If gigabytes of video data is being streamed by every single DJI drone it should be easy enough to find out. Use the DJI Android app to control a drone and check the app's data usage before and after.
Also, China has been caught doing supply chain attacks by inserting chips onto circuit boards to make them easier to compromise. They could slip in a chip that enables a wavelength their satellites can access, for example.
I thought most people slap a GoPro on their drone (admittedly know very little about the hobby) and how would China secretly be transmitting so much data (4k video) without anyone noticing?
Plus if they want surveillance video, they can just have someone fly their own drone here and capture exactly what they want without having to wade through tons of junk that isn't important to them.
I never spoke about realism, I just countered the comment saying that all they filmed was sailing boats in SF, by remonding them that even innocent looking footage can be used by foreign intelligence.
I even specifically noted that I don't think they are sending the video footage from a drone back to DJI, I say that purely thinking about the ammount of data needed to be sent.
It would have been discovered very quickly if that was the case
That is exactly what I am saying, as I have sid in other comments, my previous comment was never about is they did it, but rather to explain that even innocent footage is useful to bad guys.
At least that was consentual.
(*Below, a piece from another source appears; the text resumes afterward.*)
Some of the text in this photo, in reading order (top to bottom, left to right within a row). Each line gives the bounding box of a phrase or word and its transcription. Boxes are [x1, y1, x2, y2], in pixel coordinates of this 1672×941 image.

The UK government basically said "Hey guys, the nazis are bad. So help us plan an attack by sending us your family vacation photos of some beaches on Frances beaches.
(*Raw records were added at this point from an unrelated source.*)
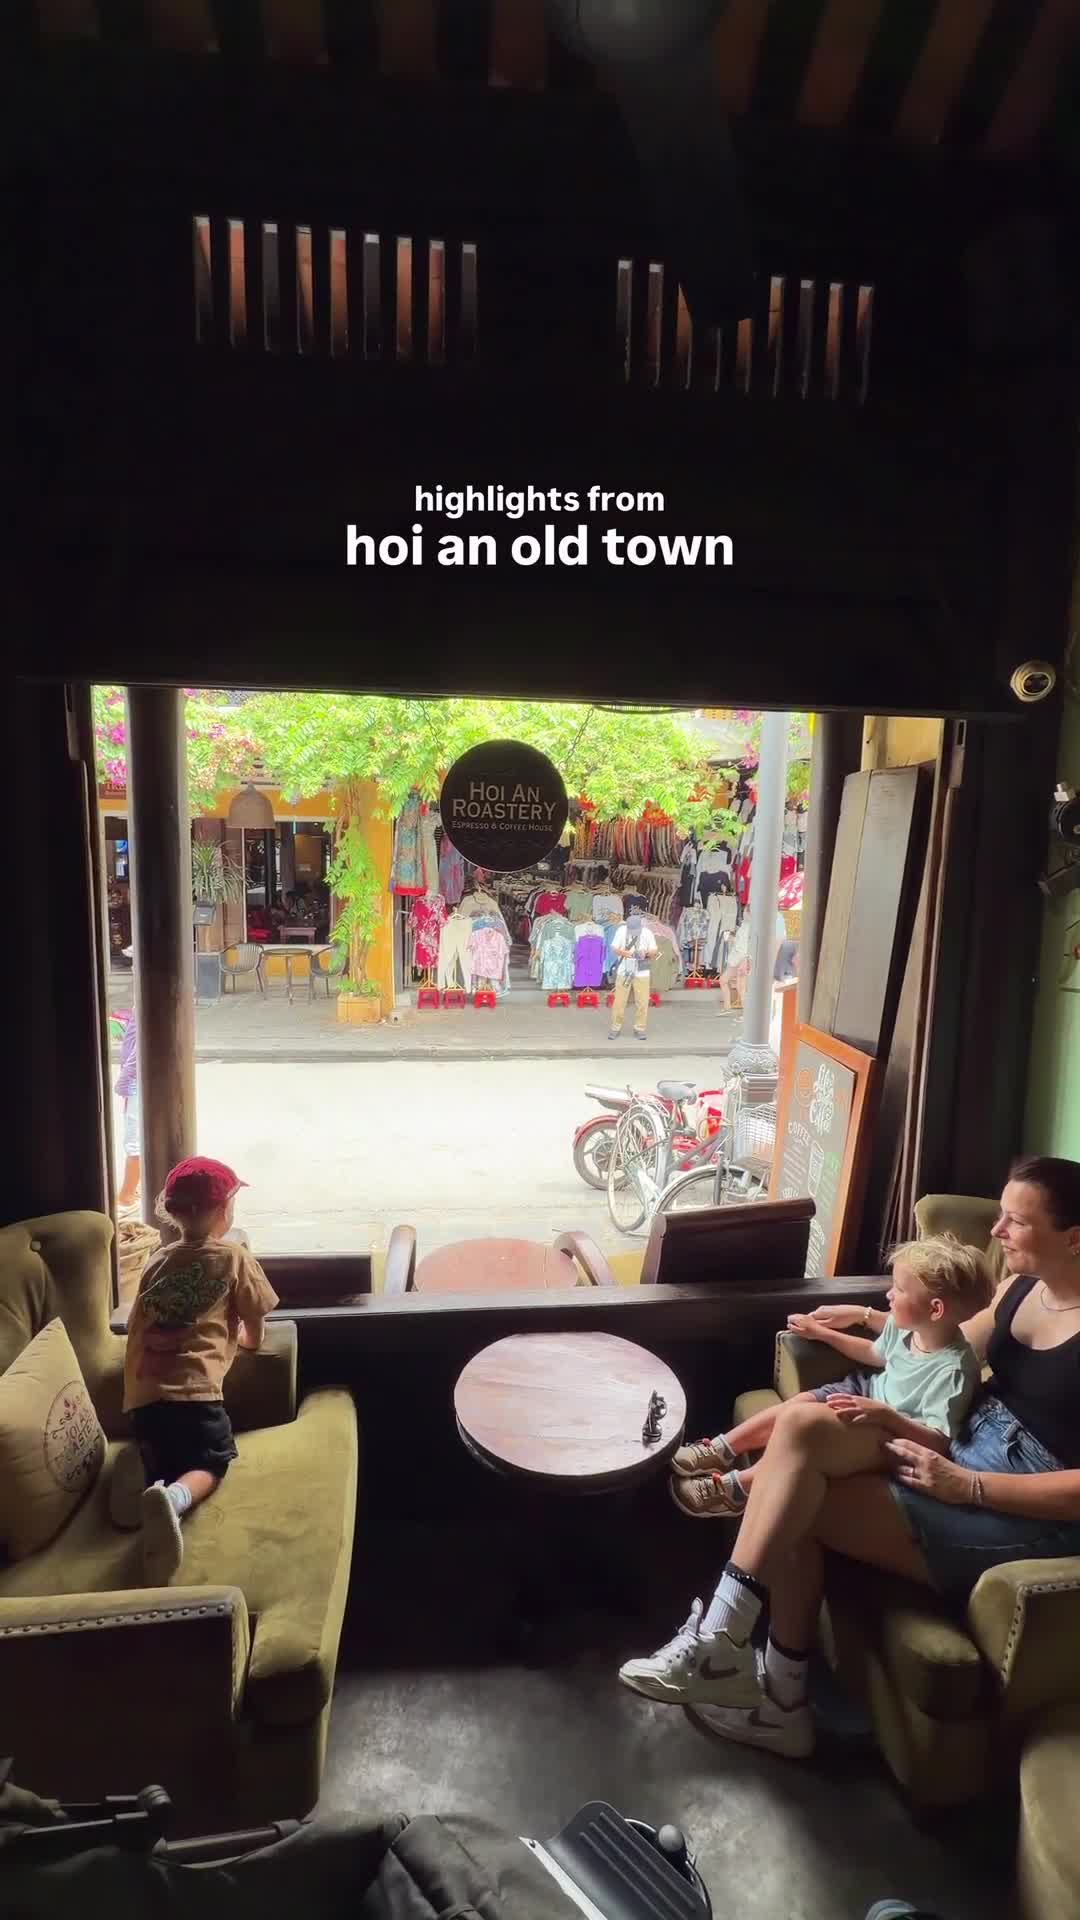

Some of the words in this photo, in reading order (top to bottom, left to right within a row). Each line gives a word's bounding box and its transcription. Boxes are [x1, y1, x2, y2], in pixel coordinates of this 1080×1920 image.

[470, 782, 505, 801] HOI
[513, 784, 540, 803] AN
[452, 799, 557, 821] ROASTERY
[452, 821, 489, 830] ESPRESSO
[499, 822, 527, 831] COFFEE
[528, 823, 553, 832] HOUSE
And everyone was like "yeah, alright. That sounds good"
China is basically like "lets set up spying EVERYWHERE! Even in countries we don't have claim to."
You missed the point. Whether it's consensual isn't important, what's important is that a foreign power has access to a lot of detailed information about an adversary. It's hard to quantify the value of a lot of "benign" data points when aggregated.
The AeroScope signals are not encrypted, despite what we wrote in a previous version of this post — even though DJI and an independent source both told us they were encrypted, and DJI insisted they were when we did a fact-check, DJI now admits that they aren’t encrypted at all. So they could be picked up by other kinds of receivers.
Literally all of the alternatives are open and much more capable for it. You can go buy a pixhawk and basically any frame and have something much more powerful for much less money, you just have to be willing to bolt two or three parts together.